Weddings – fraught with family secrets, clandestine hookups and unruly guests – offer an almost foolproof setting for comedies as different as Four Weddings and a Funeral and Bridesmaids. Time loops have become almost as reliable for romantic comedies, with Groundhog Day inspiring variations like Fifty First Dates. Palm Springs mashes up the two by setting its time-loop romance at a wedding, creating a genial film with a mildly irreverent spin on both its genres. What the film lacks in originality, it offsets with sharp performances from Andy Samberg as an out-of-place wedding guest and Cristin Milioti as the bride’s sister, who would rather be anywhere else.
Samberg plays Nyles, who goes to a destination wedding at a Palm Springs resort with his girlfriend. He shows up at the formal ceremony in a red Hawaiian shirt and yellow shorts, the first sign that something is askew. Samberg smoothly plays a version of the character he has honed so well as Detective Jake Peralta on his television series, Brooklyn 99. He seems like a goofball, but is smarter than people think and decent to his core.

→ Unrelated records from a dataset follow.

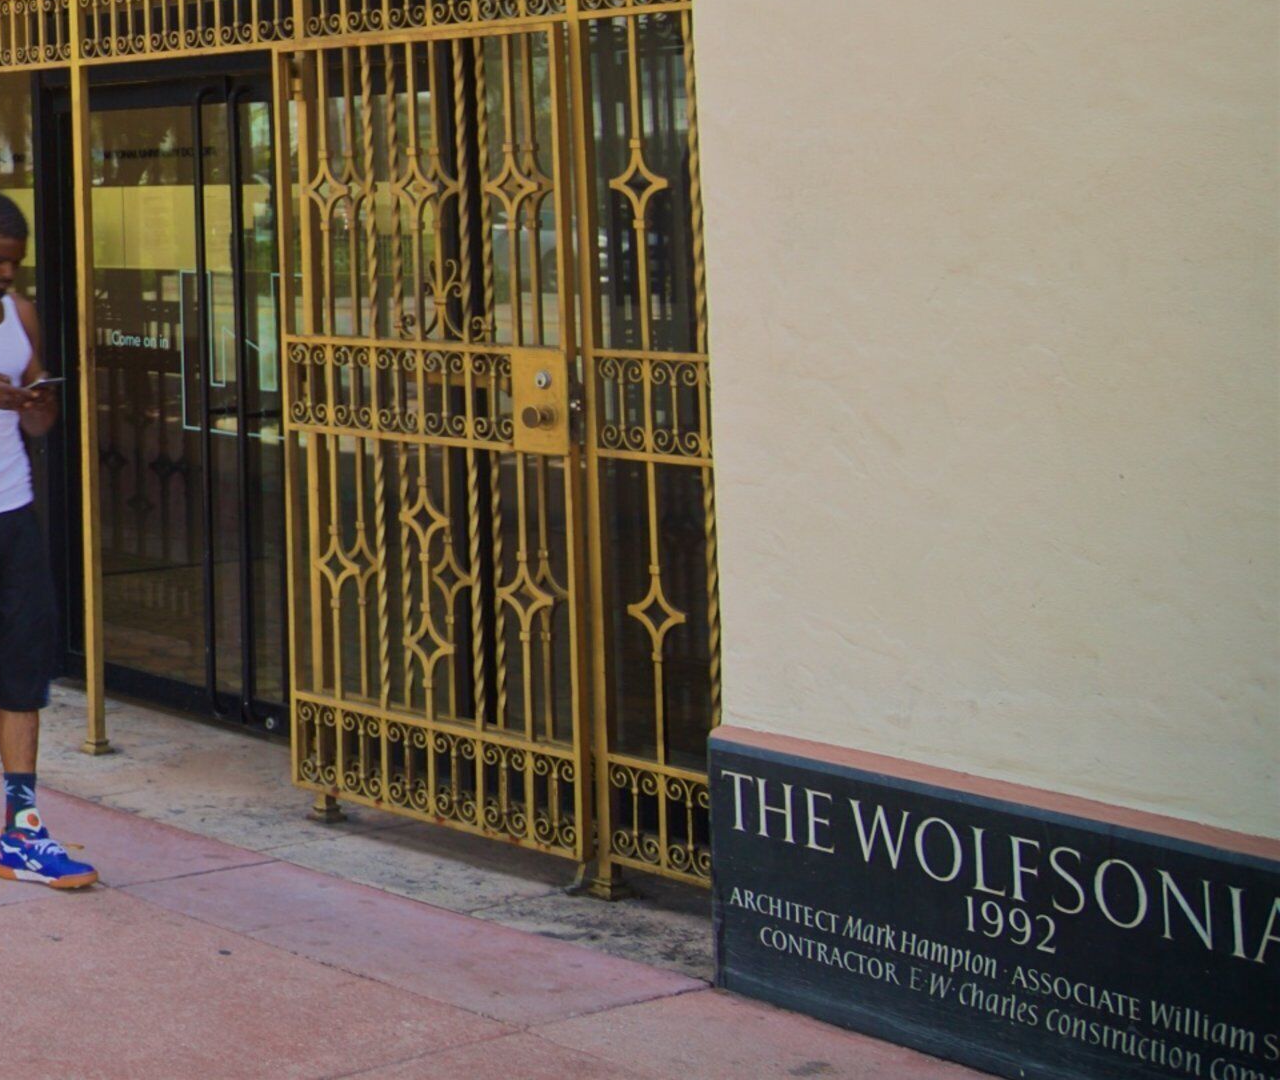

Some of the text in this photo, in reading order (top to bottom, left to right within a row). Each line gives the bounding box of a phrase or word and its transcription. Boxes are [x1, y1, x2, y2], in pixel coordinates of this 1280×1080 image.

[111, 330, 170, 350] Come on in
[721, 769, 835, 854] THE
[964, 895, 1057, 954] 1992
[729, 886, 840, 934] ARCHITECT
[842, 915, 897, 951] Mark
[899, 930, 997, 980] Hampton
[1011, 965, 1142, 1022] ASSOCIATE
[1150, 1000, 1255, 1055] William
[759, 926, 901, 986] CONTRACTOR
[958, 982, 1039, 1027] Charles
[1046, 1007, 1200, 1077] Construction

Milioti is Sarah, the dejected maid of honour, who tells Nyles she is the family screw-up because she drinks too much and sleeps with too many men. Milioti makes Sarah a prickly character, but likable, and more complicated when the film reveals her biggest regret.
The pair meet after Sarah is too paralysed by wine to give the wedding toast, and Nyles steps in to save her with a perfect, eloquent speech. In an antic scene that sets off the plot, they are about to have sex in the desert, which only happens after he spots his girlfriend cheating with another man in the bathroom. They are interrupted by a man shooting arrows (JK Simmons in a small but crucial role). Sarah wanders into a cave and wakes alone in her bed the next morning, which is the very same day as the one before. Nyles has repeated that day countless times already. “It’s one of those infinite time loop situations you might have heard about,” he tells Sarah, who gives him a death stare.
The wedding is less important than the story’s loopy elements. There are a few funny glimpses of how Nyles and Sarah spend their time, with some scenes loaded into a familiar rom-com montage. They steal a two-seater plane, which they fly and crash. They won’t die. They’ll just wake up in the usual place the next morning. They put a bomb inside the wedding cake so Nyles can heroically find and destroy it. Don’t ask where they got a bomb. The film doesn’t pretend to be interested in explanations, a choice that suits its easy-going tone just fine.